Professor McGonagall's lips pressed into a thin, bloodless line.
She surveyed the wreckage of the bathroom—the shattered porcelain, the unconscious mountain of a troll sprawled across the tiles like a felled tree—and finally let her gaze settle on Hermione Granger, the girl who had just lied to protect Ashford.
"Miss Granger," McGonagall said, voice laced with weary disappointment, "you are a very foolish young woman. How could you possibly believe you could handle a troll on your own?"
Hermione's head dropped; her bushy hair curtained her burning cheeks.
"Five points from Gryffindor," McGonagall sighed. "For such reckless lack of judgment."
Then she turned to Lucian.
Her expression grew complicated—part admiration, part wariness, part something unnameable.
"As for you, Mr. Ashford… your methods are… unorthodox, to say the least. But one cannot deny their efficiency. You prevented a tragedy. Ten points to Ravenclaw."
With a sharp flick of her wand she gestured for everyone to leave the reeking ruin behind.
But before anyone could take a single step—
In Lucian's heart-phase vision, the Hogwarts magical field suddenly boiled.

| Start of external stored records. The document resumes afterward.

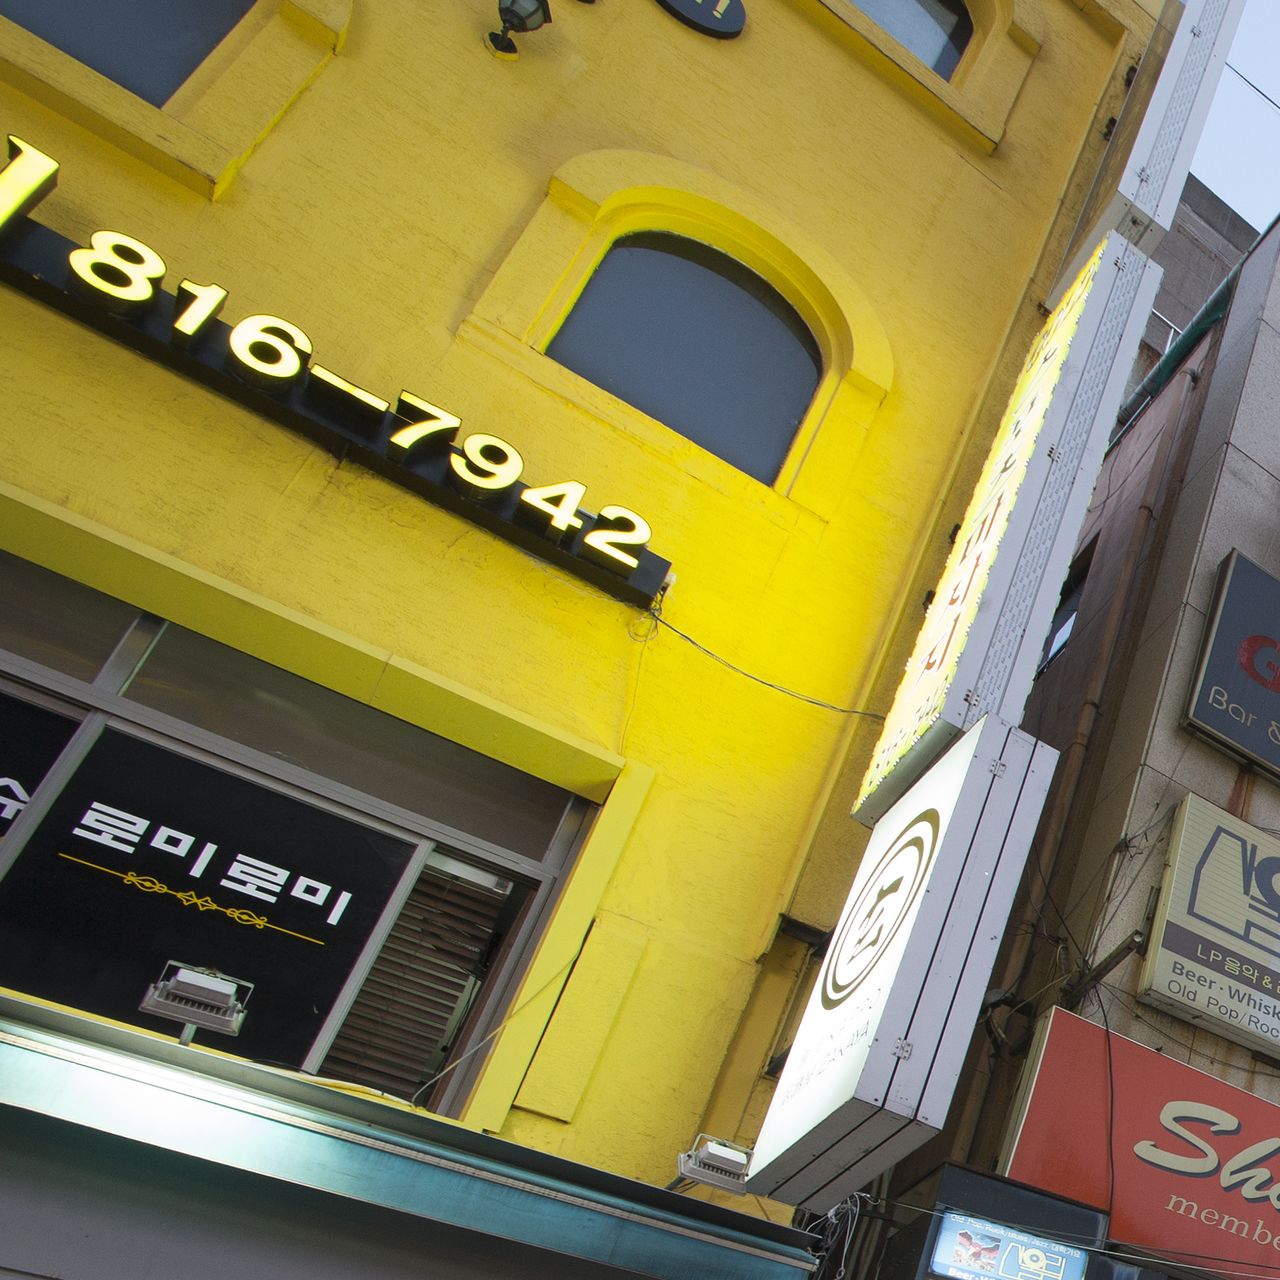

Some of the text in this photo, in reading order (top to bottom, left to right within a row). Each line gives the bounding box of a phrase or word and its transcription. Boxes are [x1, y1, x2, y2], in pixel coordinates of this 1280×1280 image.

[67, 228, 653, 568] 816-7942
[1208, 686, 1257, 728] Bar
[73, 801, 352, 925] 로미로미
[1171, 961, 1217, 991] Beer
[1197, 943, 1259, 984] LP음악
[1167, 980, 1197, 1002] Old

Countless golden threads materialized from empty air, raining down like puppet strings from an unseen ceiling. They pierced skulls, spines, limbs—anchoring themselves deep into flesh and soul.
The world's correction had arrived, right on schedule.
Instead of suppressing him, the energy surge made Lucian's internal magic vortex pulse hungrily. He could feel it: those golden lines were not merely restraints. They were fuel. With the right push, he could pluck them like harp strings.
Reality misted over once again. That other Hogwarts—the one flying the Dark Mark, the one lit by sickly green will-o'-the-wisps—flickered into view.
Lucian understood, but he held still. He wanted to watch exactly how far the world would go to force its story back on track.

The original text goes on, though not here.